## Data provided
'''
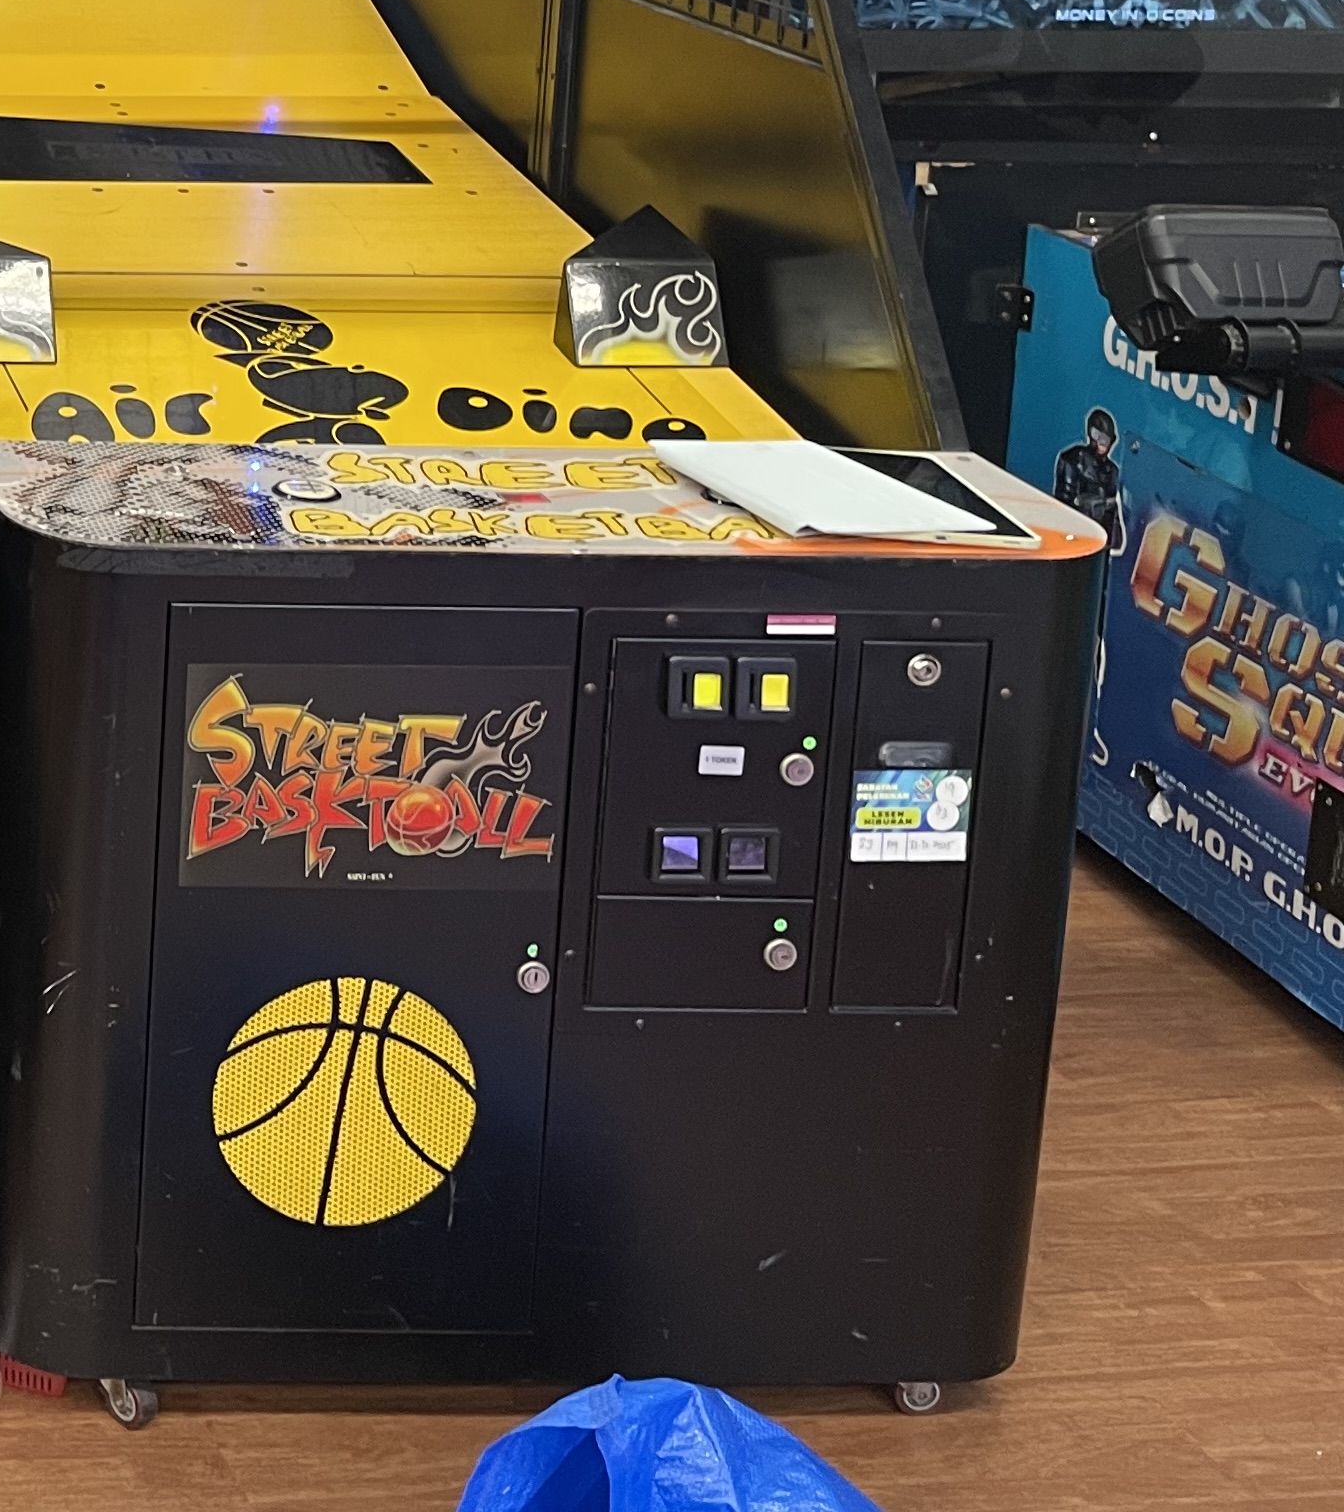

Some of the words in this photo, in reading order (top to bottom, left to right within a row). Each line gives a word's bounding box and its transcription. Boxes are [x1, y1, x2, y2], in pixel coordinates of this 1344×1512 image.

[1055, 9, 1117, 21] MONEY
[1121, 9, 1138, 21] IN
[1162, 9, 1216, 22] COINS
[326, 451, 678, 493] STREET
[288, 508, 782, 543] BASKETBA
[187, 673, 468, 788] STREET
[711, 755, 738, 765] TOKEN
[1259, 753, 1316, 803] EV
[863, 818, 913, 826] HIBURAN
[871, 810, 905, 818] LESEN
'''
## Task item
Every entry should be repeated verbatim, with the pictures left out.

## Result below
Some of the words in this photo, in reading order (top to bottom, left to right within a row). Each line gives a word's bounding box and its transcription. Boxes are [x1, y1, x2, y2], in pixel coordinates of this 1344×1512 image.

[1055, 9, 1117, 21] MONEY
[1121, 9, 1138, 21] IN
[1162, 9, 1216, 22] COINS
[326, 451, 678, 493] STREET
[288, 508, 782, 543] BASKETBA
[187, 673, 468, 788] STREET
[711, 755, 738, 765] TOKEN
[1259, 753, 1316, 803] EV
[863, 818, 913, 826] HIBURAN
[871, 810, 905, 818] LESEN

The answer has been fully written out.